REQUIRED WORK |
The answer is the full listing restated exactly, without any pictures.
· · · ·
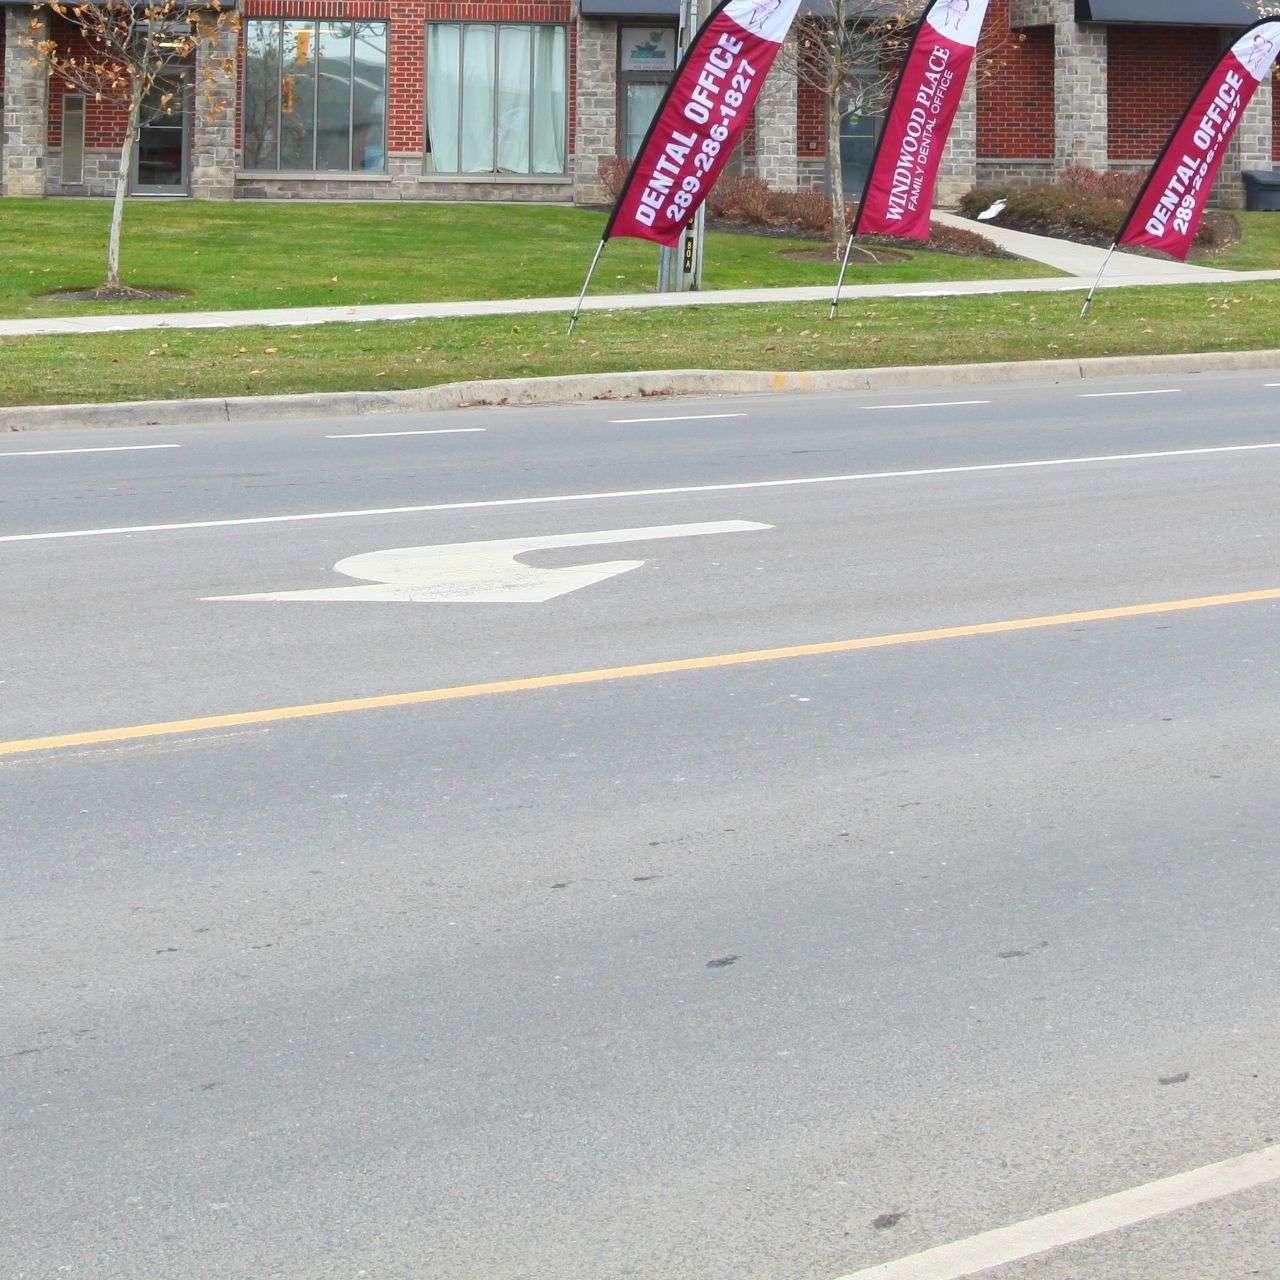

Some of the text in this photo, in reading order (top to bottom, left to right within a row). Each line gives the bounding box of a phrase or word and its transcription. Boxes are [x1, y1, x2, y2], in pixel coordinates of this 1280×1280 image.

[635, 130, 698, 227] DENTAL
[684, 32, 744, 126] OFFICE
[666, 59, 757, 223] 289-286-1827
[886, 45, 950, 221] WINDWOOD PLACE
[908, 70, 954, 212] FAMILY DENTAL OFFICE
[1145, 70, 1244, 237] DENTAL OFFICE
· · · ·
PROBLEM SOLUTION |
Some of the text in this photo, in reading order (top to bottom, left to right within a row). Each line gives the bounding box of a phrase or word and its transcription. Boxes are [x1, y1, x2, y2], in pixel coordinates of this 1280×1280 image.

[635, 130, 698, 227] DENTAL
[684, 32, 744, 126] OFFICE
[666, 59, 757, 223] 289-286-1827
[886, 45, 950, 221] WINDWOOD PLACE
[908, 70, 954, 212] FAMILY DENTAL OFFICE
[1145, 70, 1244, 237] DENTAL OFFICE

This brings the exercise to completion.